Data for analysis: Begin

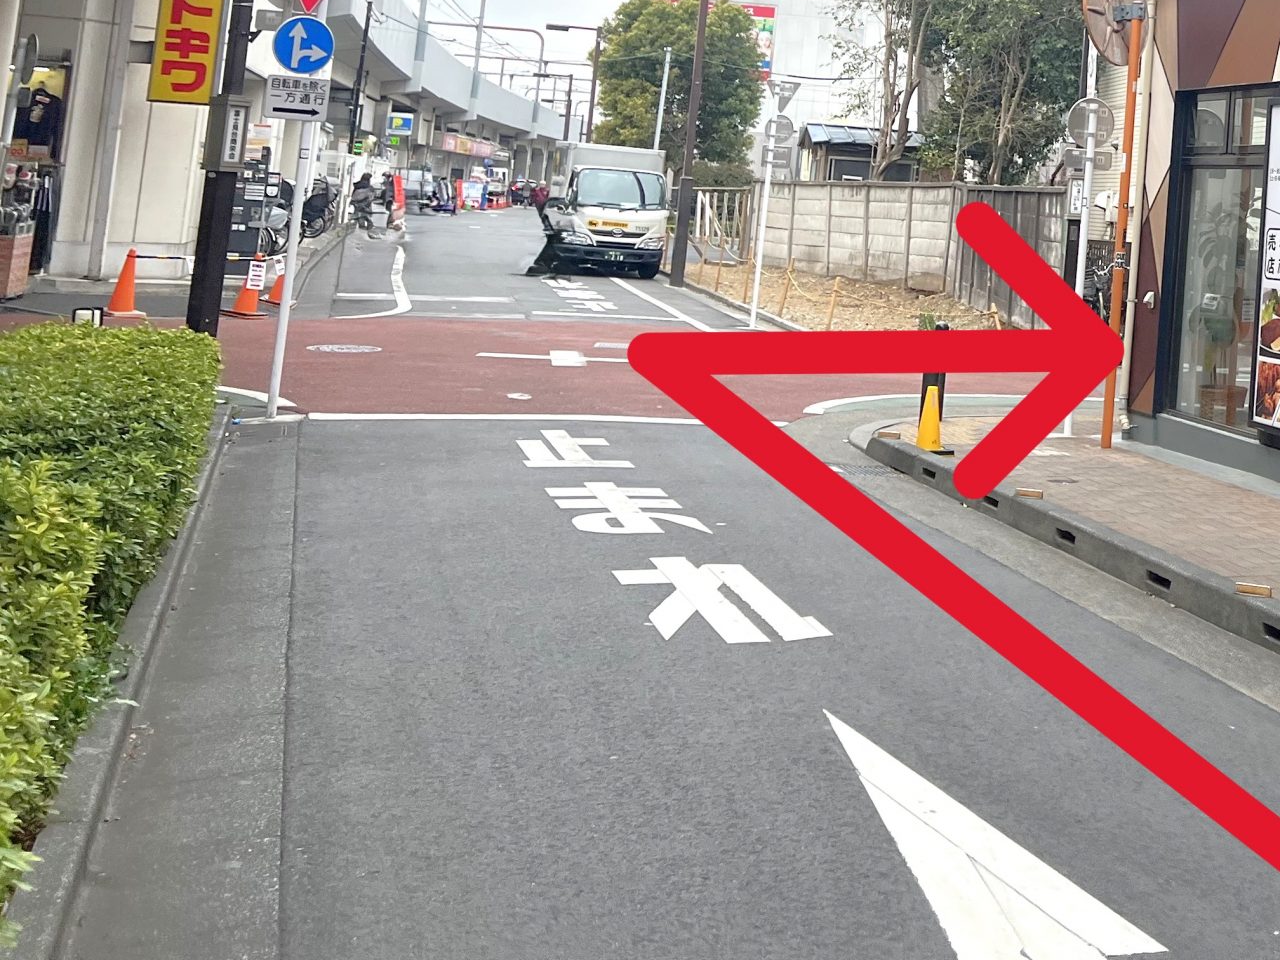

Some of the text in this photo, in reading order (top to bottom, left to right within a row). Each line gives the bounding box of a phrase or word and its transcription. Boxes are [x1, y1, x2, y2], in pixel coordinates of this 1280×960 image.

[271, 77, 327, 93] 自転車を除く
[270, 92, 326, 106] 一方通行
[515, 429, 834, 644] 止まれ
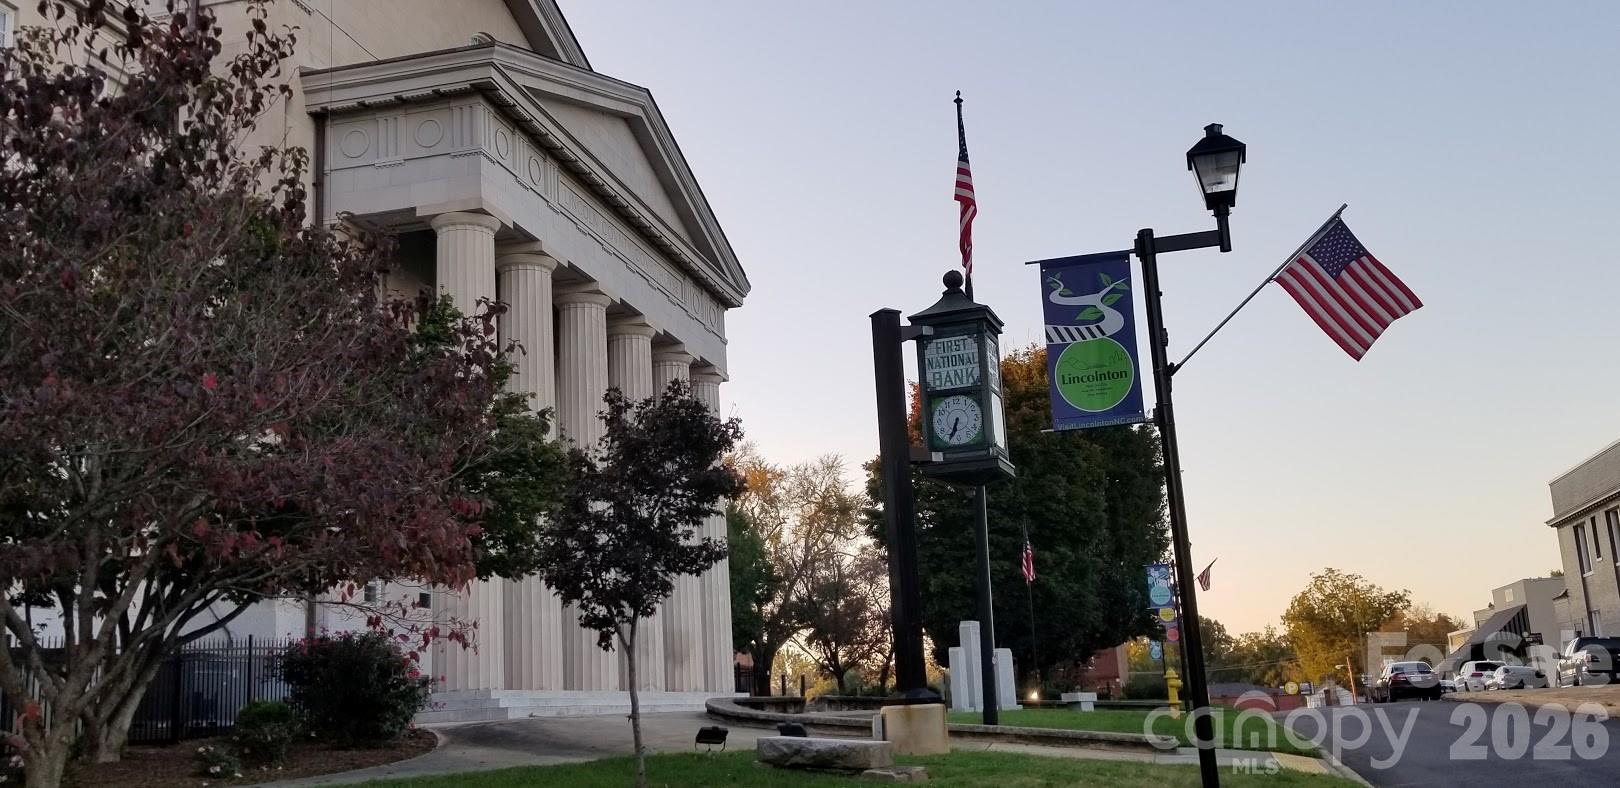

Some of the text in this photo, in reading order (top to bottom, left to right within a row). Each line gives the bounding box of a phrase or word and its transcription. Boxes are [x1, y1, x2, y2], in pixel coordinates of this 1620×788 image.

[935, 338, 967, 354] FIRST
[926, 353, 979, 370] NATIONAL
[932, 366, 976, 387] BANK
[1061, 370, 1128, 385] Lincolnton

Data for analysis: End

# Exercise instructions
The listing above should be repeated word for word, with every image left out.

# Task result
Some of the text in this photo, in reading order (top to bottom, left to right within a row). Each line gives the bounding box of a phrase or word and its transcription. Boxes are [x1, y1, x2, y2], in pixel coordinates of this 1280×960 image.

[271, 77, 327, 93] 自転車を除く
[270, 92, 326, 106] 一方通行
[515, 429, 834, 644] 止まれ

Some of the text in this photo, in reading order (top to bottom, left to right within a row). Each line gives the bounding box of a phrase or word and its transcription. Boxes are [x1, y1, x2, y2], in pixel coordinates of this 1620×788 image.

[935, 338, 967, 354] FIRST
[926, 353, 979, 370] NATIONAL
[932, 366, 976, 387] BANK
[1061, 370, 1128, 385] Lincolnton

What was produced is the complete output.